PM: Die Partie der Elisabetta gefällt sich
also nicht in purer Virtuosität?

FH: In Roberto Devereux werden Sie selten
das rein Virtuose finden, selbst wenn
Sie es suchen. Verzierungen und
schnelles Passagenwerk sind auf ein
Minimum reduziert. Die Rolle der Elisabetta
hat für mein Gefühl sogar etwas
Präexpressionistisches. Die ganze
Oper ist ein Psycho-Thriller in Tönen,
mit einer der komplexesten Frauengestalten
des Belcanto überhaupt: sie
ist Frau und Königin. Dabei steht die
Königin der Frau im Wege und die Frau
der Königin.

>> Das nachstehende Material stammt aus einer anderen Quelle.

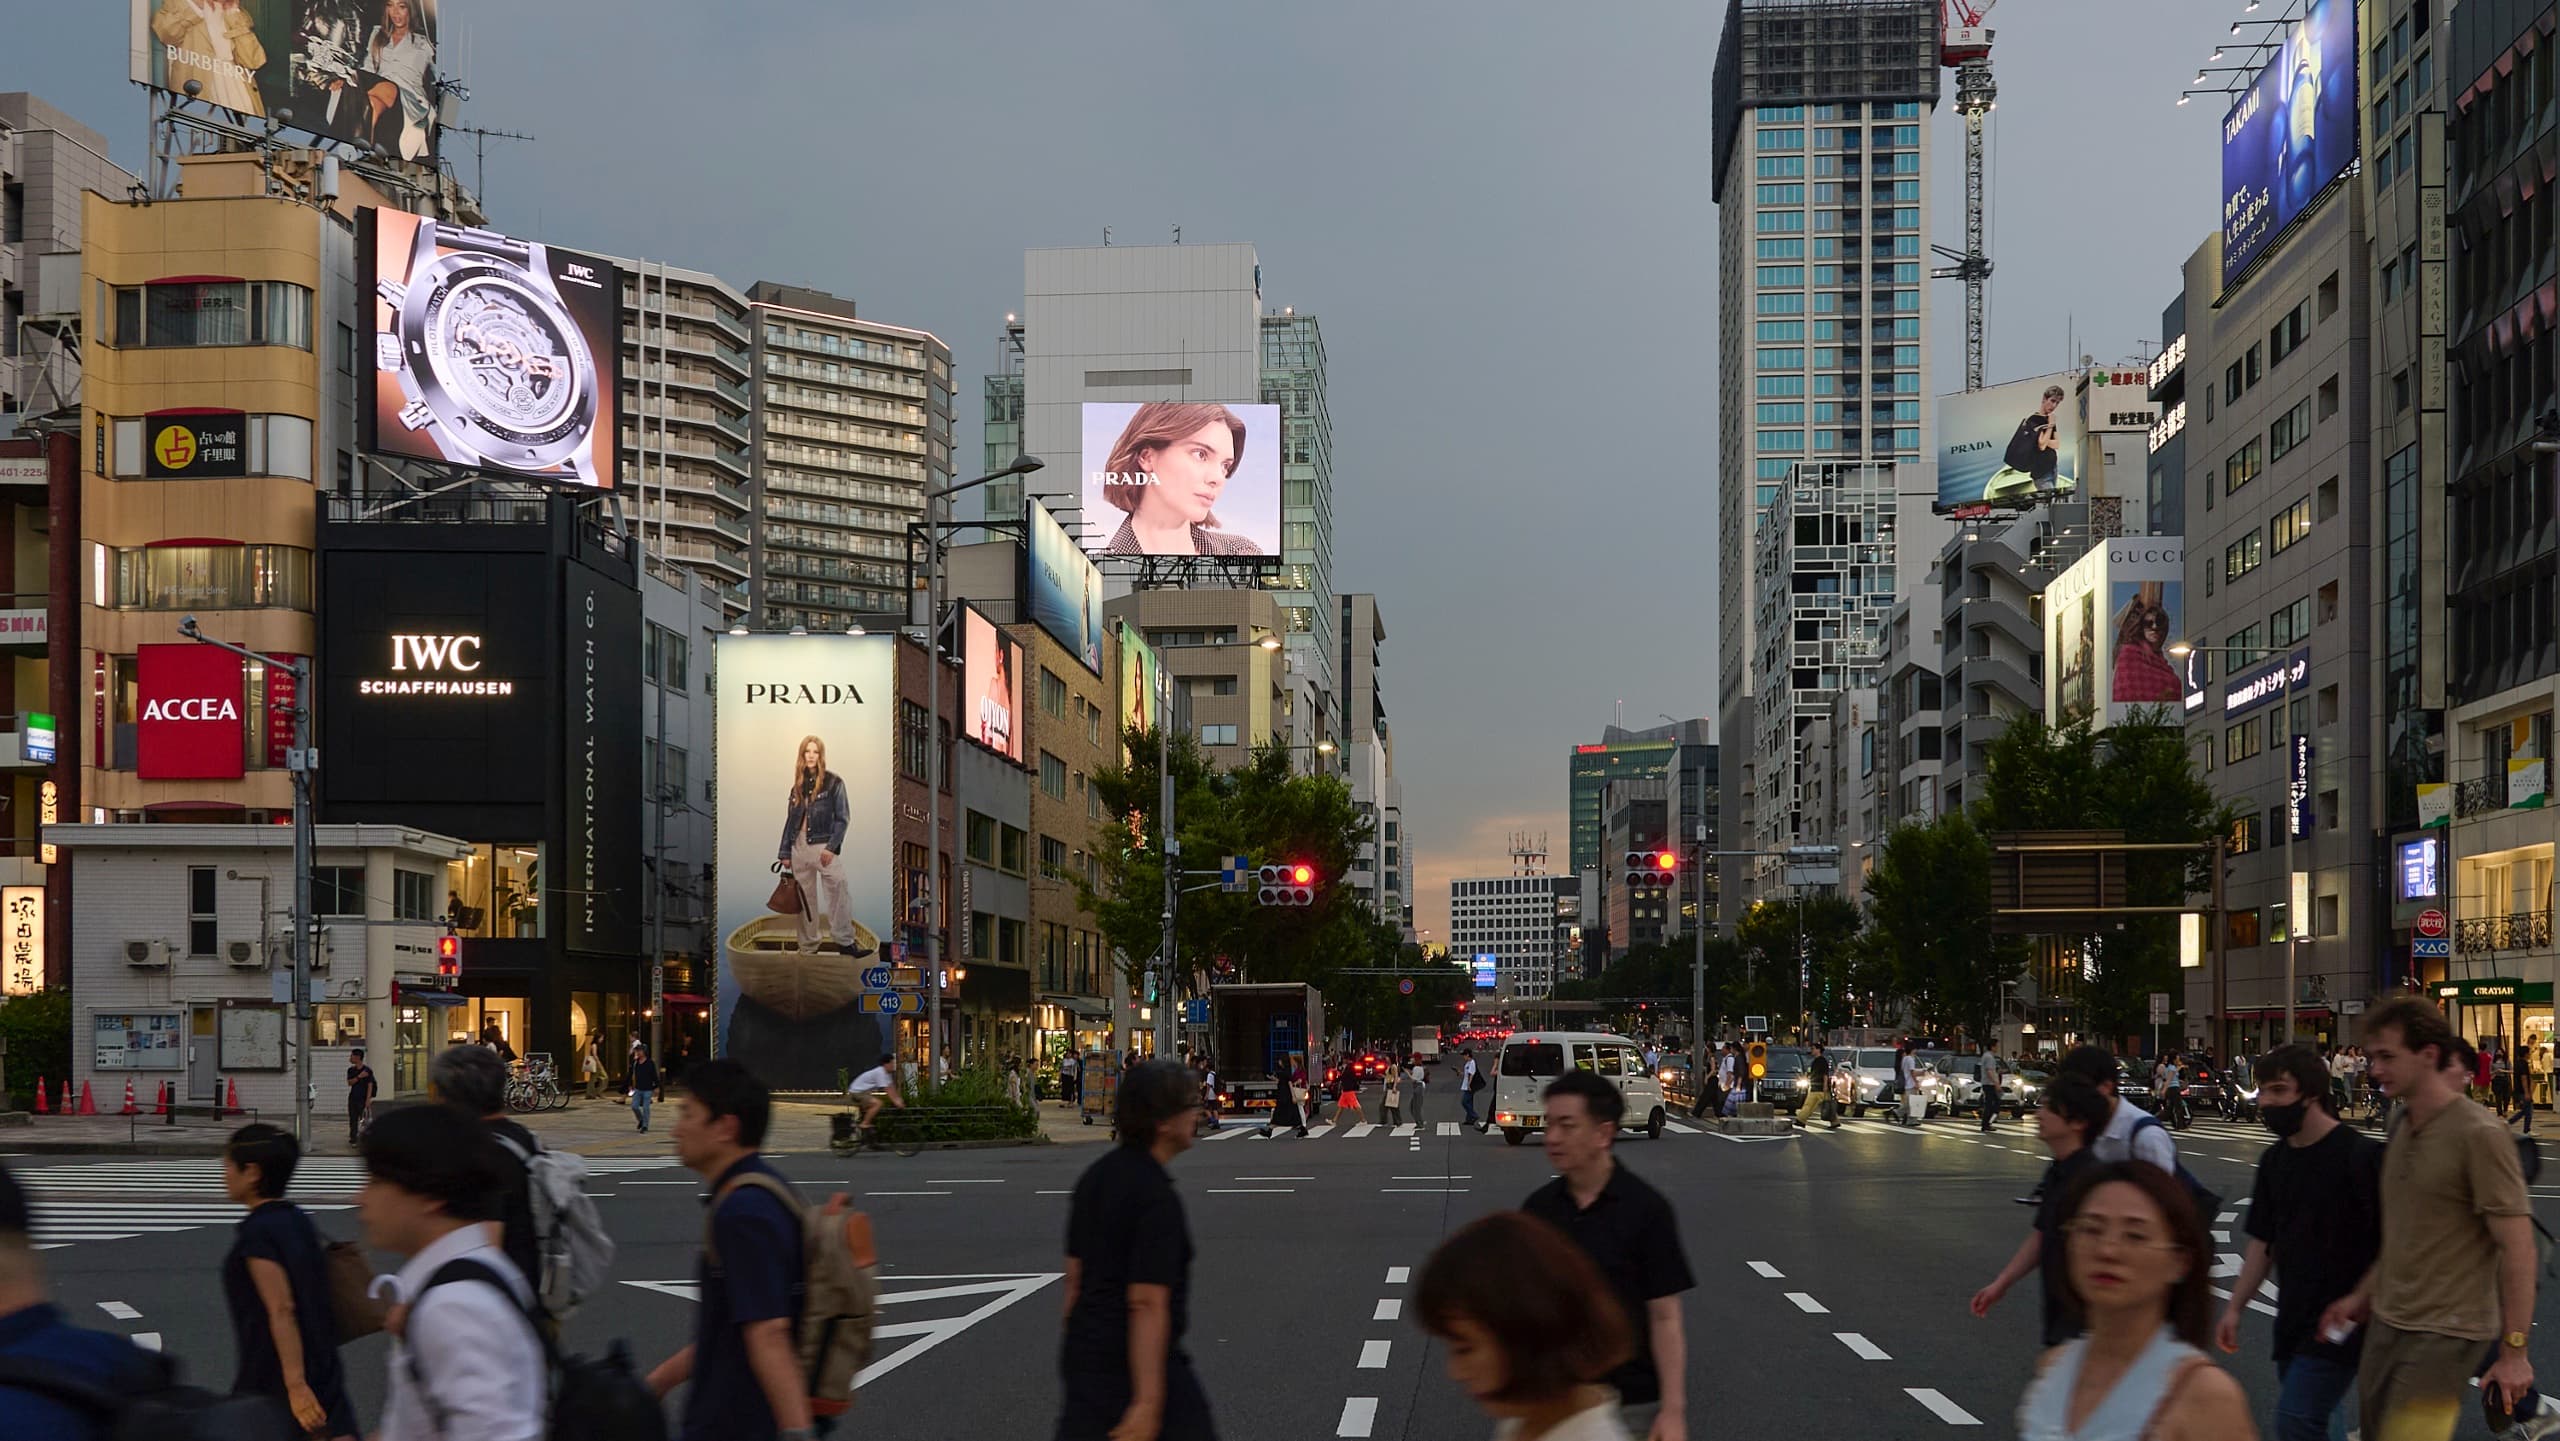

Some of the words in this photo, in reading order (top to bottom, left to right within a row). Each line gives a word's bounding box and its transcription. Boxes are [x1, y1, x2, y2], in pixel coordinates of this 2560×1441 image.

Dieser permanente Wechsel
zwischen höfischer Etikette und
dem Ausleben ihrer Gefühle ist im
Grunde völlig pathologisch. Was gibt
es Erschütternderes, als wenn sie am
Schluß sagt: „Wie verberg’ ich diese
Tränen, damit niemand sagt hier auf
Erden, er habe die Königin von England
weinen sehn.“

PM: Muss man Belcanto anders dirigieren,
als eine Tosca oder eine
Walküre?

FH: Oh ja, und es ist oftmals schwieriger,
denn das Orchester ist – auch bei
Roberto Devereux – überhaupt nicht
symphonisch behandelt; die Instrumental-
Gruppen sind nicht aufgefächert,
es gibt nur wenig an orchestralen
Klangfarben. Ja, man muss und
darf es sagen: Es stehen zum Teil
entsetzlich schlechte Orchestersätze
in der Partitur. Wenn man nur das spielt,
was da steht, wird es schnell
klingen wie eine italienische banda.
Auch hat das Orchester kaum selbständige
Positionen zu vertreten, wie
schon beim frühen Verdi. Das heißt
aber nicht, dass Donizetti ein nicht
ausgereifter Verdi sei. Es ist ein höchst
individueller, unverwechselbarer Stil.
Nur eben, dass Instrumentation so gut
wie keine Rolle spielt. Das ist die Herausforderung
an den Dirigenten: den
Ausdruck des Gesangs auf das Orchester
zu übertragen.

PM: Sie dirigieren sehr viel Strauss,
Wagner und auch Verdi. Dennoch
haben Sie eine große Passion für
Belcanto....

FH: Die ist Voraussetzung! Viele meiner
Kollegen können dieser Musik nichts
abgewinnen. So gesehen ist es aber
besser, sie nicht zu dirigieren. Die
überzeugende Umsetzung dieser sehr
delikaten Partituren verlangt Interpreten,
die hundertprozentig hinter dem
Werk stehen. Roberto Devereux ist
übrigens mein absoluter Favorit unter
allen italienischen Opern des frühen
19. Jahrhunderts. Ich habe das Werk
jetzt sechs Mal einstudiert – mit fünf
verschiedenen Tenören und drei Sopranen.
Interessant ist, dass all diese
Produktionen extrem unterschiedlich
ausgefallen sind in der ausdruckmäßigen
Qualität. Viel mehr als dies bei jedem
anderen Komponisten der Fall ist.
Das ist vielleicht ein Zeichen dafür,
dass die spezifische stimmliche Disposition
des Sängers doch sehr maßgeblich
für die charakterliche Umsetzung
dieser Rollen ist. In diesem Zusammenhang
möchte ich aber noch erwähnen,
dass es ein schreckliches
Vorurteil ist, der Dirigent sei in diesem
Repertoire willfähriger „Begleiter“ seiner
Sänger. Er ist gefordert in jedem
Takt, ist aktiver Mitgestalter auch jeder
einzelnen Gesangsphrase.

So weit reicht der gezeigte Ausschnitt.